- **YOUR TASK**: Could you set down the listing below exactly and omit its images?

- **INFORMATION GIVEN**:

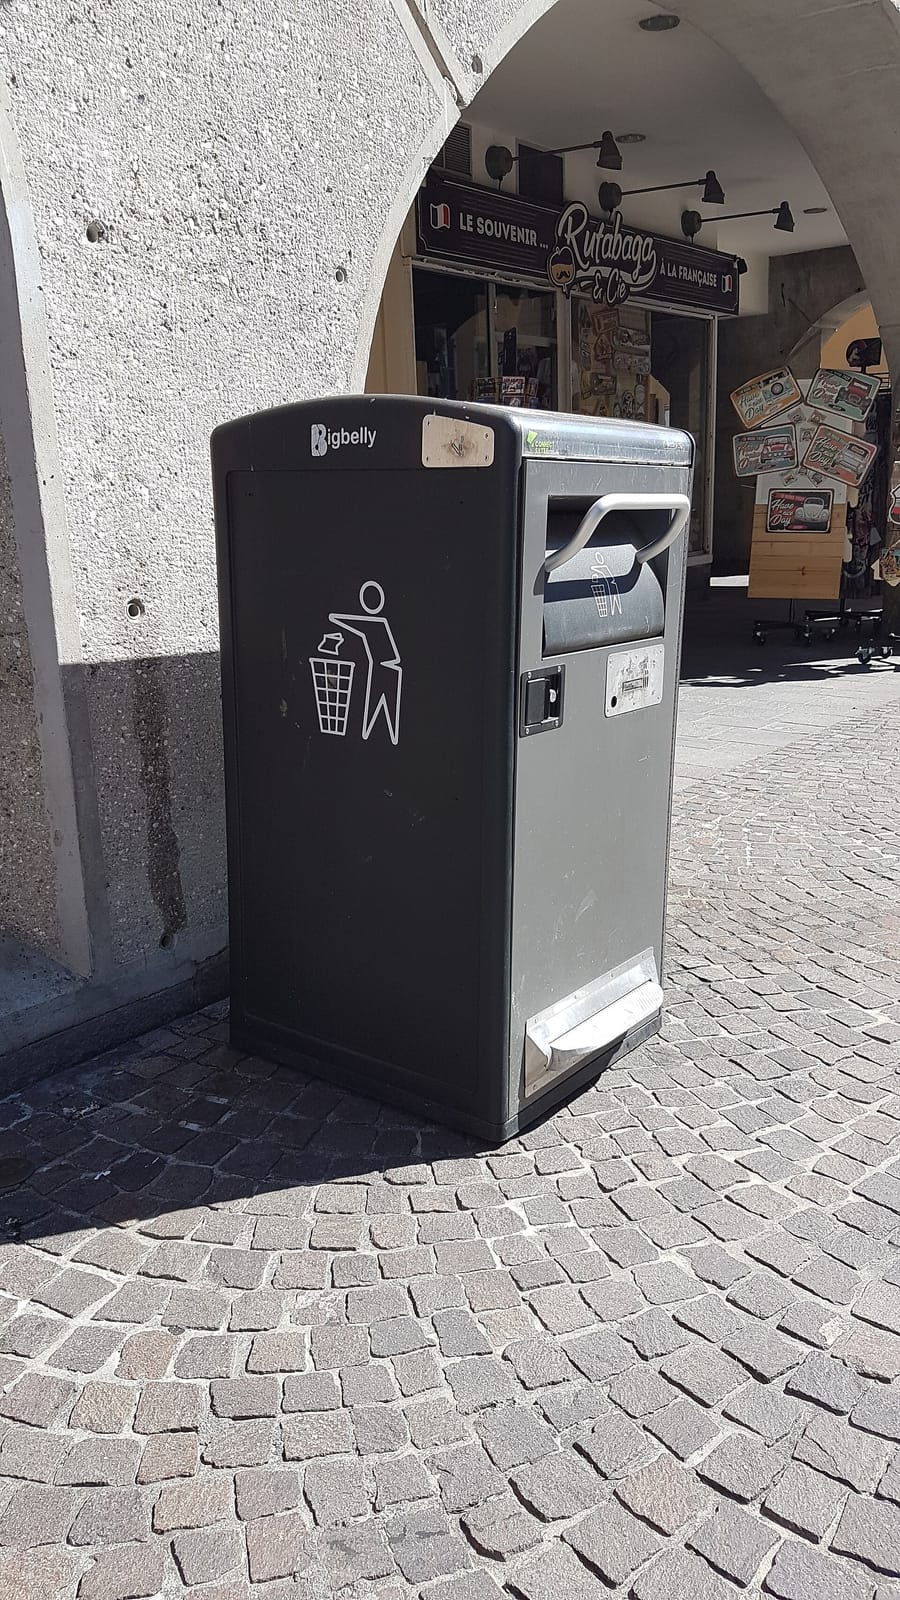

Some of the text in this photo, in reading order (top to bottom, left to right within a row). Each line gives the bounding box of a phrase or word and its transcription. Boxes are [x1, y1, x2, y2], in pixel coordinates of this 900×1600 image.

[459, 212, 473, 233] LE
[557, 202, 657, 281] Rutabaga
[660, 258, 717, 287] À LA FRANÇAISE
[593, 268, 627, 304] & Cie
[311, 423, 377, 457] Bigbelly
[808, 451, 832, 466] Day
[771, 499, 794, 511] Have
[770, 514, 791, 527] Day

- **RESPONSE BELOW**:
Some of the text in this photo, in reading order (top to bottom, left to right within a row). Each line gives the bounding box of a phrase or word and its transcription. Boxes are [x1, y1, x2, y2], in pixel coordinates of this 900×1600 image.

[459, 212, 473, 233] LE
[557, 202, 657, 281] Rutabaga
[660, 258, 717, 287] À LA FRANÇAISE
[593, 268, 627, 304] & Cie
[311, 423, 377, 457] Bigbelly
[808, 451, 832, 466] Day
[771, 499, 794, 511] Have
[770, 514, 791, 527] Day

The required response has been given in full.